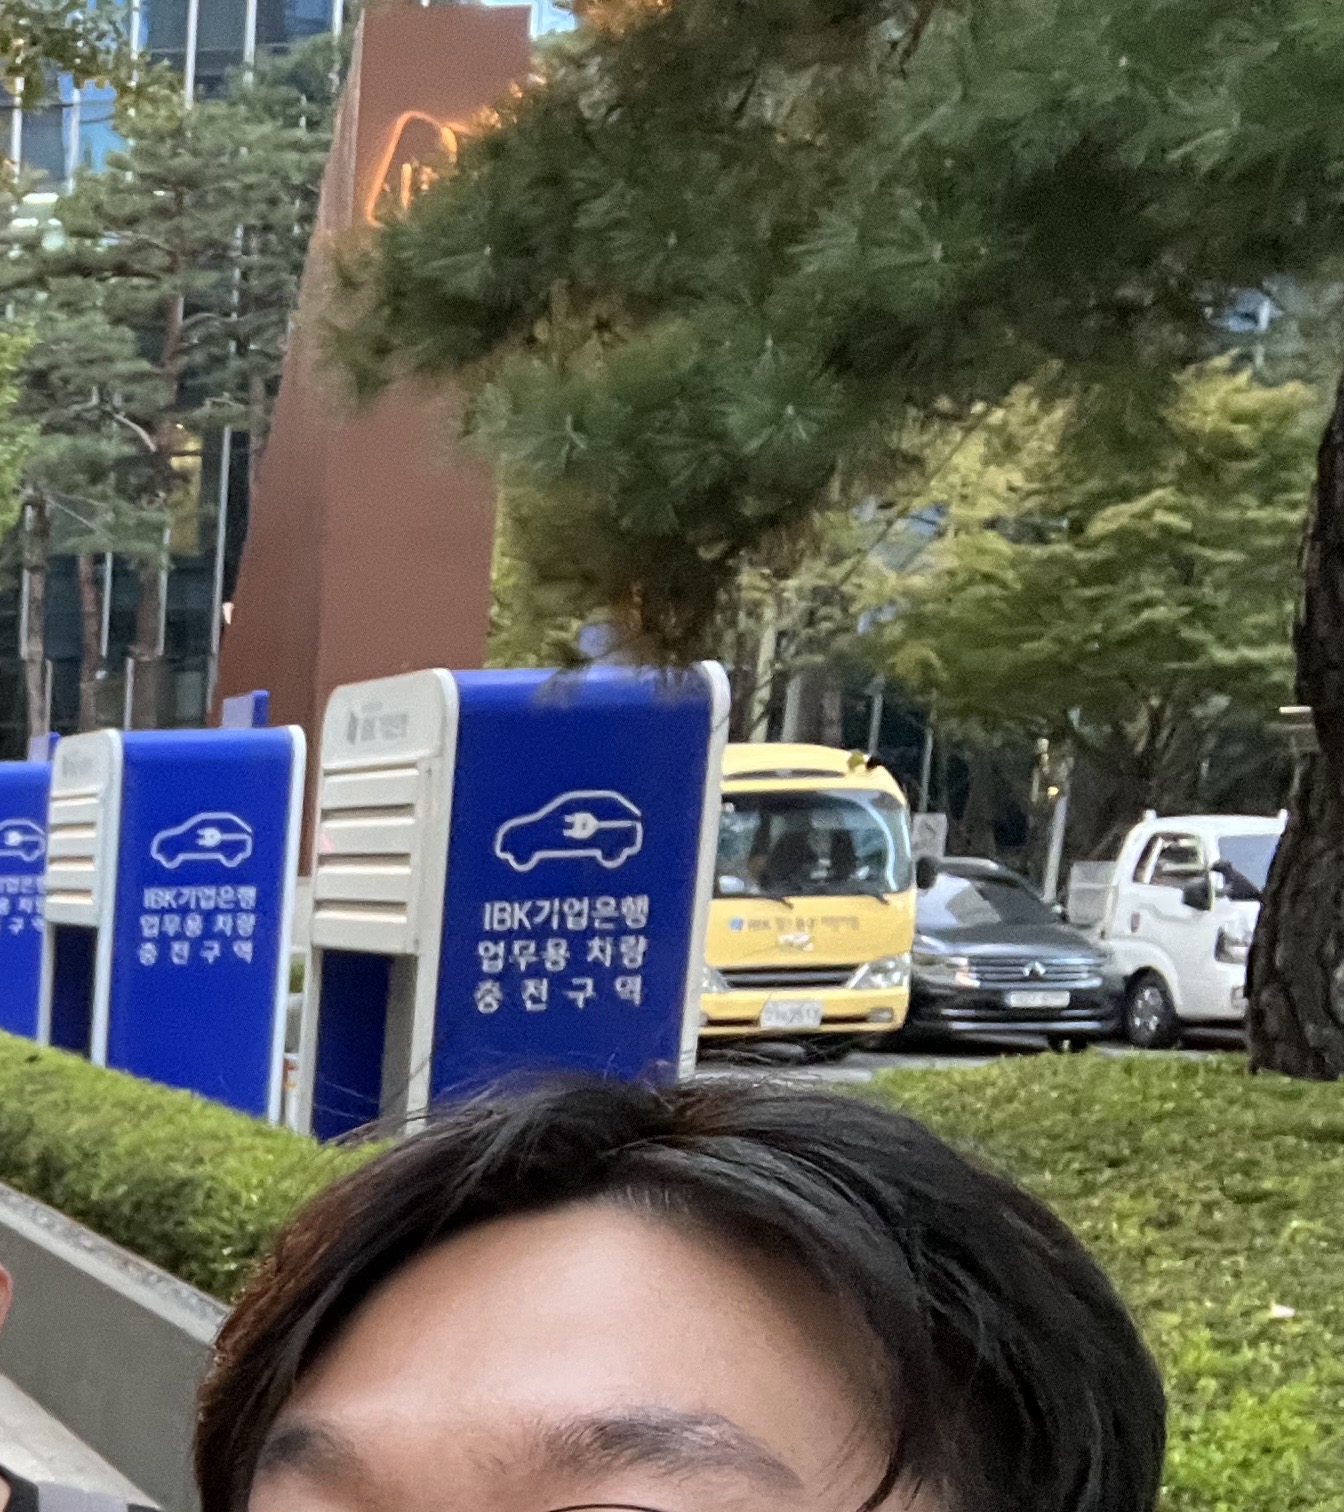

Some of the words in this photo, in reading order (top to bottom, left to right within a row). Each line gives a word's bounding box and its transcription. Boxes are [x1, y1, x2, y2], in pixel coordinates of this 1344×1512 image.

[143, 885, 257, 910] IBK기업은행
[483, 894, 650, 931] IBK기업은행
[477, 938, 571, 974] 업무용
[586, 934, 650, 970] 차량
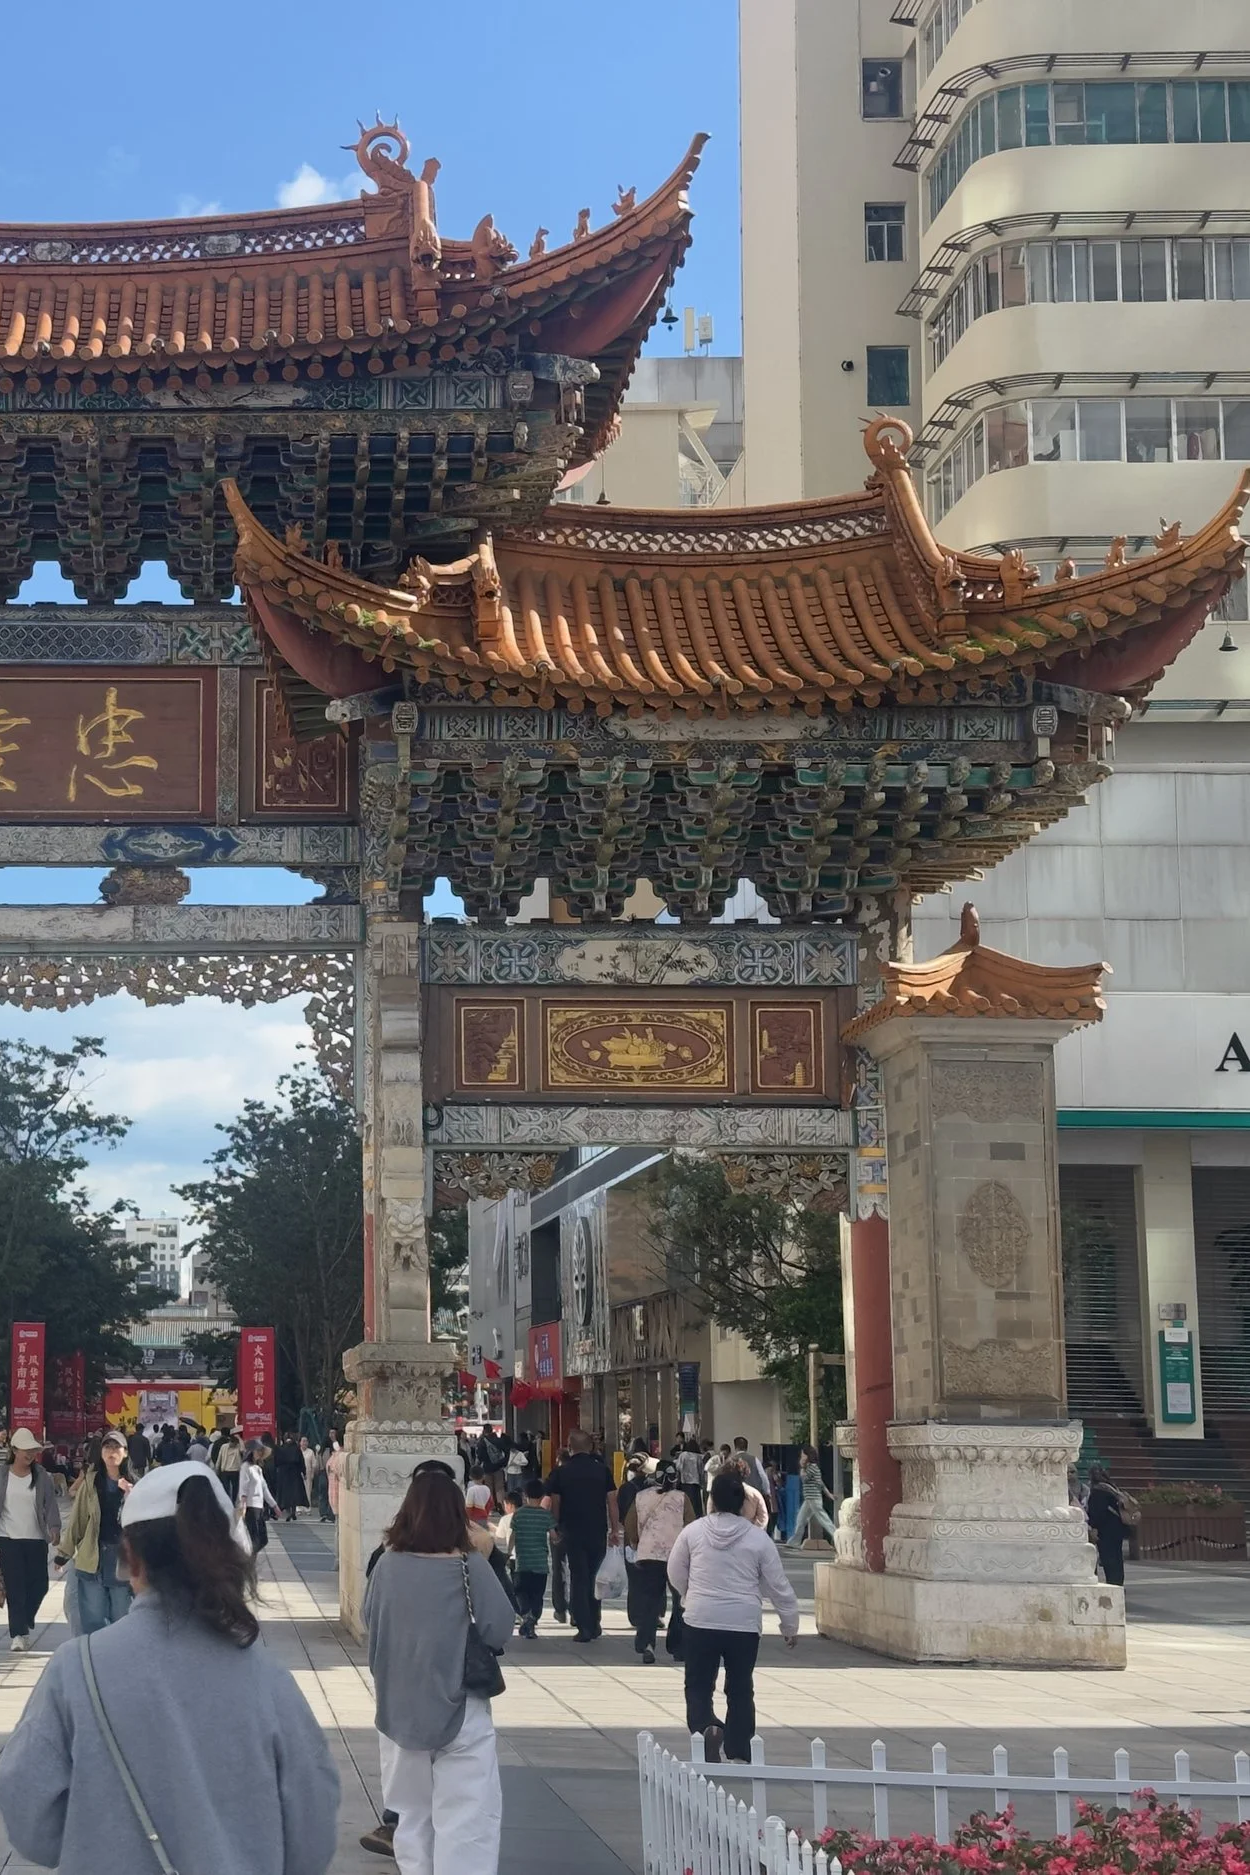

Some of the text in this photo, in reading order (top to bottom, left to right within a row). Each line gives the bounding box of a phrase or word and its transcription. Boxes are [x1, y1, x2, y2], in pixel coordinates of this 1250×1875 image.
******
• [Description of the task]
Return all of the material exactly, without pictures.

• [Answer to the exercise]
Some of the words in this photo, in reading order (top to bottom, left to right within a row). Each line gives a word's bounding box and its transcription. Boxes are [x1, y1, x2, y2], in pixel coordinates of this 1344×1512 image.

[143, 885, 257, 910] IBK기업은행
[483, 894, 650, 931] IBK기업은행
[477, 938, 571, 974] 업무용
[586, 934, 650, 970] 차량

Some of the text in this photo, in reading order (top to bottom, left to right within a row). Each line gives the bounding box of a phrase or word and its transcription. Boxes are [x1, y1, x2, y2], in pixel coordinates of this 1250×1875 image.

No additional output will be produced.